Le Tribunal Administratif de Nîmes a rejeté la requête de Mme B... contestant la décision du 11 juin 2025 mettant fin à ses droits au revenu de solidarité active (RSA). La requérante n'a pas fourni de précisions suffisantes pour établir qu'elle avait bien transmis les documents demandés, et son argument tiré de sa précarité financière a été jugé inopérant. Malgré une demande de régularisation, elle n'a pas complété sa motivation. La requête a été rejetée sur le fondement du 7° de l'article R. 222-1 du code de justice administrative, faute de moyens suffisamment précis ou opérants.
Texte intégral
Vu la procédure suivante :
Par une requête, enregistrée le 2 juillet 2025, Mme A... B... doit être regardée comme demandant au tribunal d’annuler la décision du 11 juin 2025 par laquelle la présidente du conseil départemental de Vaucluse a confirmé la fin de ses droits au revenu de solidarité active.
Vu les autres pièces du dossier.
Vu :
- le code de l’action sociale et des familles ;
- le code de justice administrative.
Considérant ce qui suit :
1. Aux termes de l'article R. 222-1 du code de justice administrative : « Les présidents de tribunal administratif (...) peuvent, par ordonnance : (…) / 7° Rejeter, après l'expiration du délai de recours ou, lorsqu'un mémoire complémentaire a été annoncé, après la production de ce mémoire, les requêtes ne comportant que des moyens de légalité externe manifestement infondés, des moyens irrecevables, des moyens inopérants ou des moyens qui ne sont assortis que de faits manifestement insusceptibles de venir à leur soutien ou ne sont manifestement pas assortis des précisions permettant d'en apprécier le bien-fondé. (…) ». Aux termes de l’article R. 772-6 du même code, applicable en matière de contentieux sociaux : « Une requête de première instance ne peut être rejetée pour défaut ou pour insuffisance de motivation, notamment en application du 7° de l'article R. 222-1, qu'après que le requérant a été informé du rôle du juge administratif et de la nécessité de lui soumettre une argumentation propre à établir que la décision attaquée méconnaît ses droits et de lui transmettre, à cet effet, toutes les pièces justificatives utiles. S'il y a lieu, le requérant est ainsi invité à régulariser sa requête dans le délai qui lui est imparti et dont le terme peut être fixé au-delà de l'expiration du délai de recours. Il est informé qu'à défaut de régularisation les conclusions pourront être rejetées comme irrecevables dès l'expiration du délai imparti qui, sauf urgence, ne peut être inférieur à quinze jours. La demande de régularisation tient lieu de l'information prévue à l'article R. 611-7 ».
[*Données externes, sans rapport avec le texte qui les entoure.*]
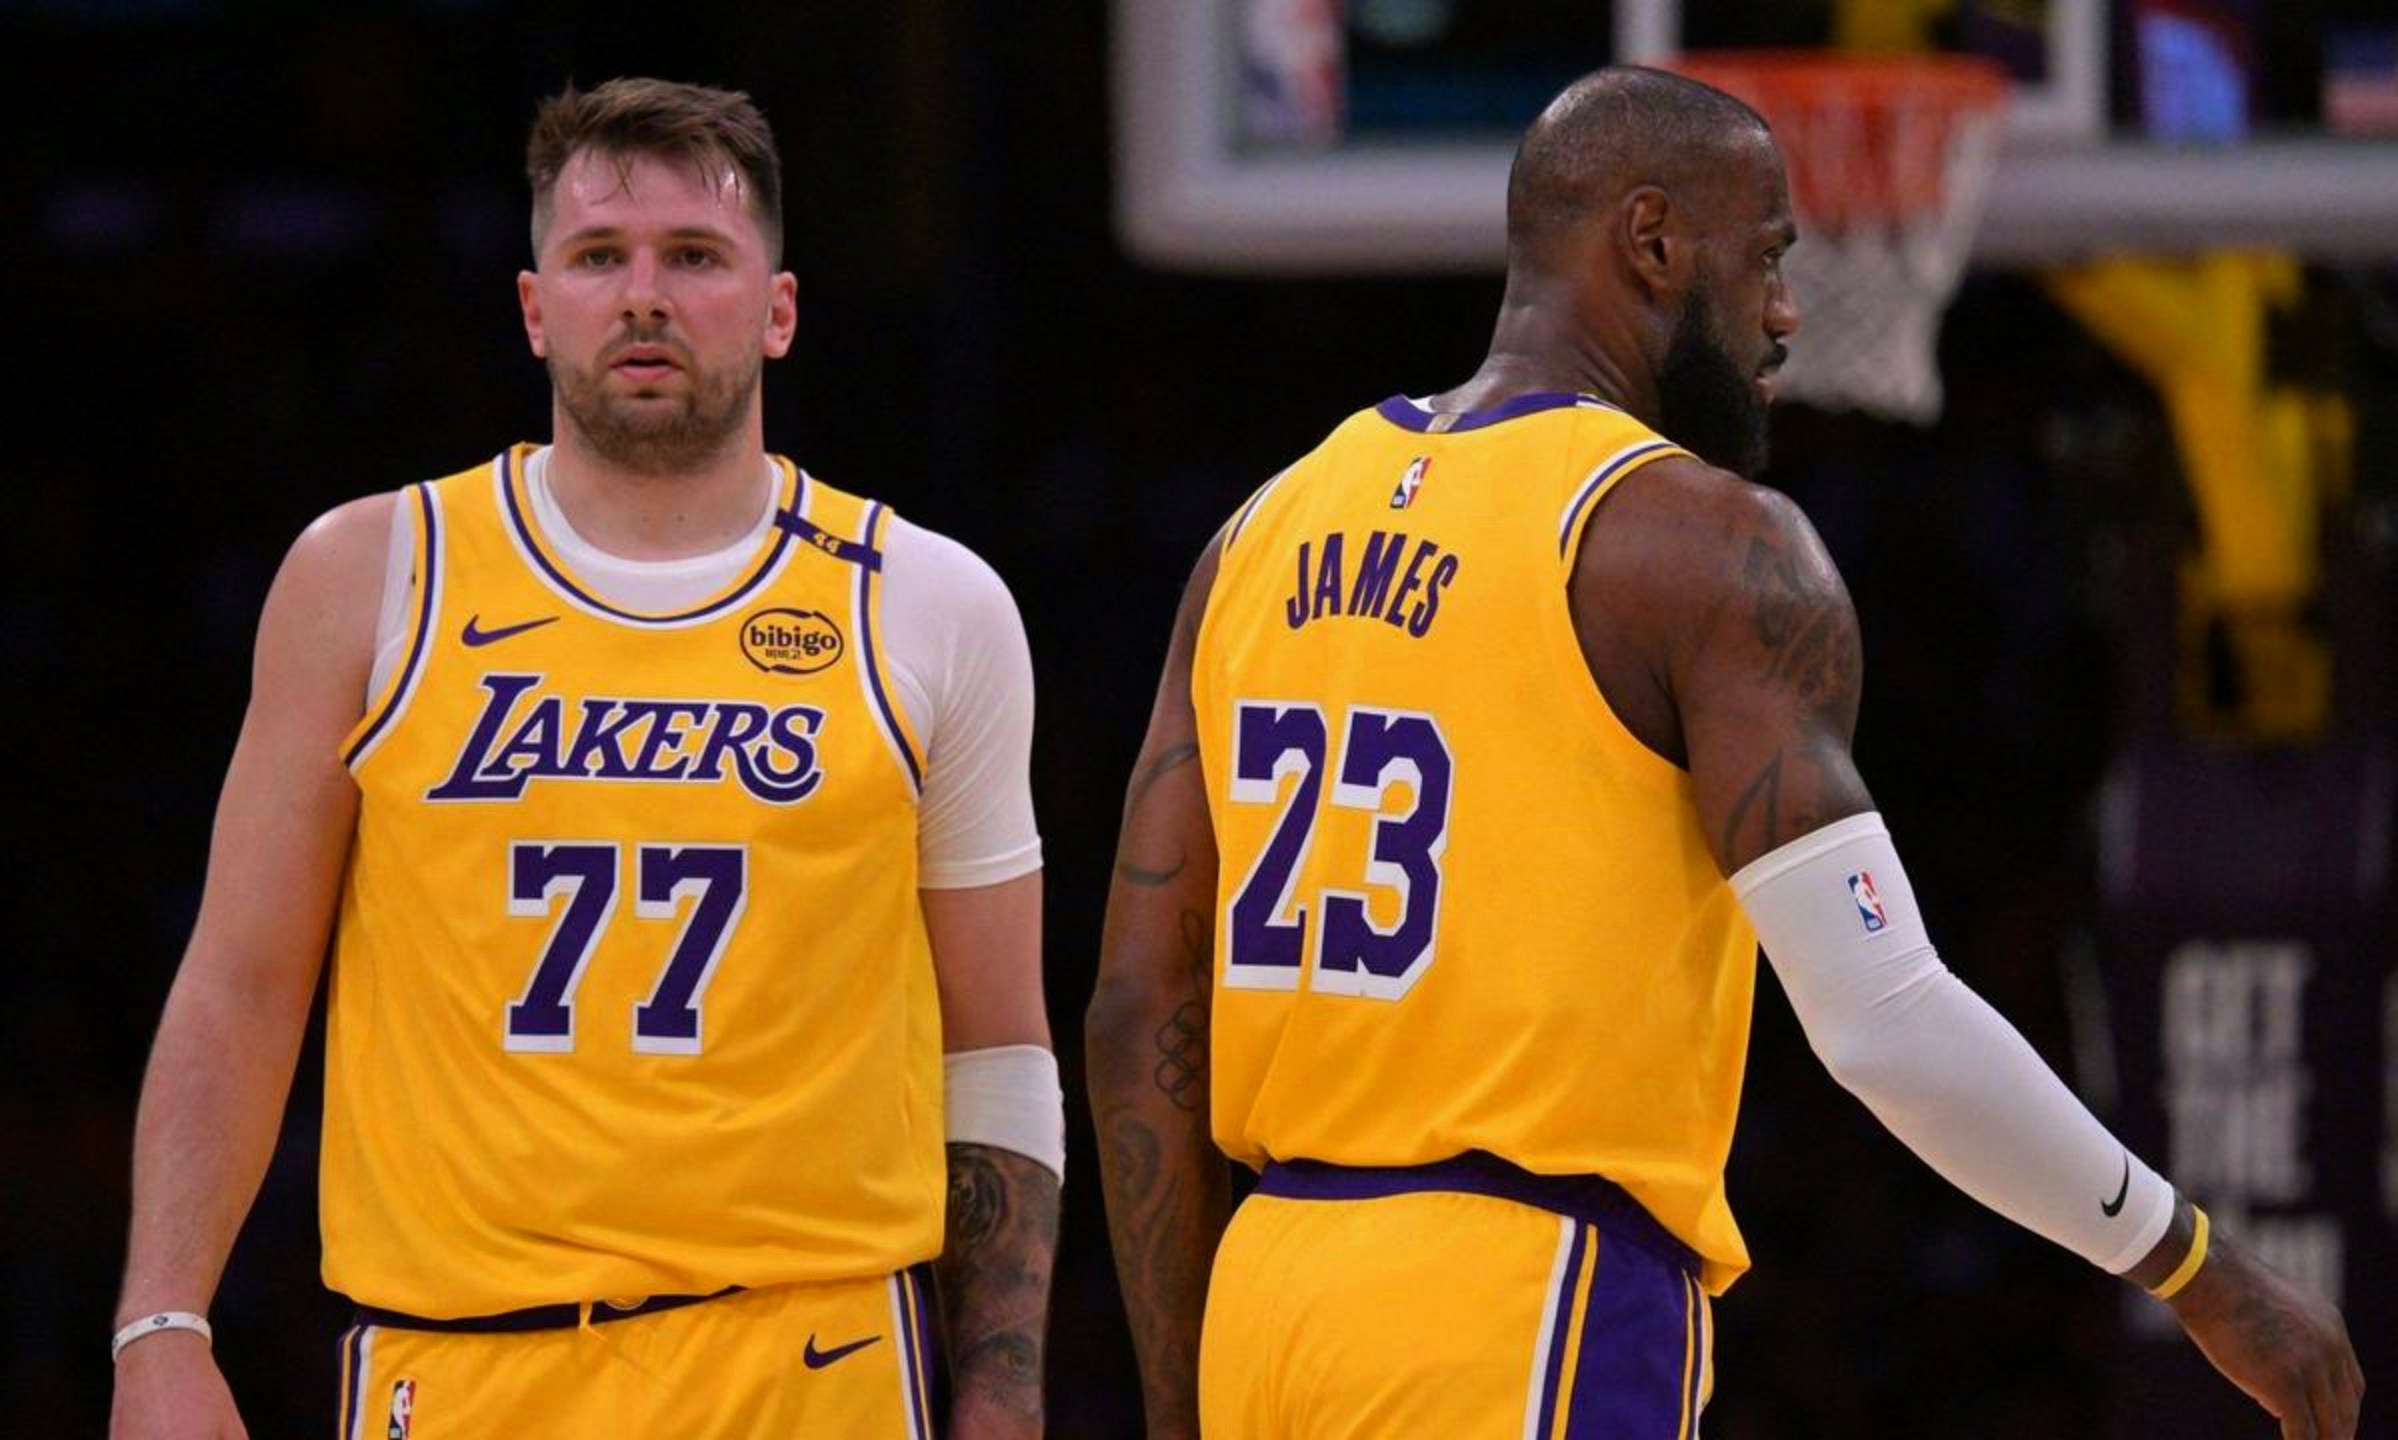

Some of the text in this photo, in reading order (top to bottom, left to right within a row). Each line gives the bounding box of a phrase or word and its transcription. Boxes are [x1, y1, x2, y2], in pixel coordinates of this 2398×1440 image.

2. A l’appui de sa requête, par laquelle elle doit être regardée comme demandant l’annulation de la décision du 11 juin 2025 par laquelle la présidente du conseil départemental de Vaucluse a confirmé la fin de ses droits au revenu de solidarité active, Mme B... se borne à soutenir qu’elle a bien fourni dans les délais impartis l’ensemble des documents sollicités par le département de Vaucluse. Toutefois, Mme B... ne fournit, à l’exception d’un avis de réception d’un pli recommandé reçu le 7 avril 2025 dans les services du département de Vaucluse, aucune précision ni aucun justificatif permettant d’établir l’exactitude de cette allégation. Par ailleurs, si la requérante fait valoir la précarité de sa situation financière, une telle circonstance est sans incidence sur la décision de fin de droit qui lui a été opposée en raison de l’absence de transmission de l’ensemble des documents nécessaires à l’examen de ses droits par la collectivité. En dépit de la demande de régularisation, accompagnée d’un formulaire mis à la disposition de la requérante, qui lui a été adressée le 3 juillet 2025 au moyen de l’application « Télérecours citoyens » et qu’elle a retourné au tribunal le 22 juillet suivant sans toutefois le renseigner, Mme B... n’a produit, à l’expiration du délai qui lui était imparti, aucun élément de nature à compléter la motivation de sa demande et à établir la méconnaissance de ses droits.
3. Par suite, la requête de Mme B..., qui ne comporte qu’un moyen non assorti des précisions suffisantes permettant d’en apprécier le bien-fondé et un moyen inopérant, doit être rejetée en application des dispositions précitées du 7° de l’article R. 222-1 du code de justice administrative.
O R D O N N E:
Article 1er : La requête de Mme B... est rejetée.
Article 2 : La présente ordonnance sera notifiée à Mme A... B....
Fait à Nîmes, le 15 octobre 2025.
Le président,
Christophe Ciréfice
La République mande et ordonne au préfet de Vaucluse en ce qui le concerne, ou à tous commissaires de justice à ce requis, en ce qui concerne les voies de droit commun contre les parties privées, de pourvoir à l’exécution de la présente décision.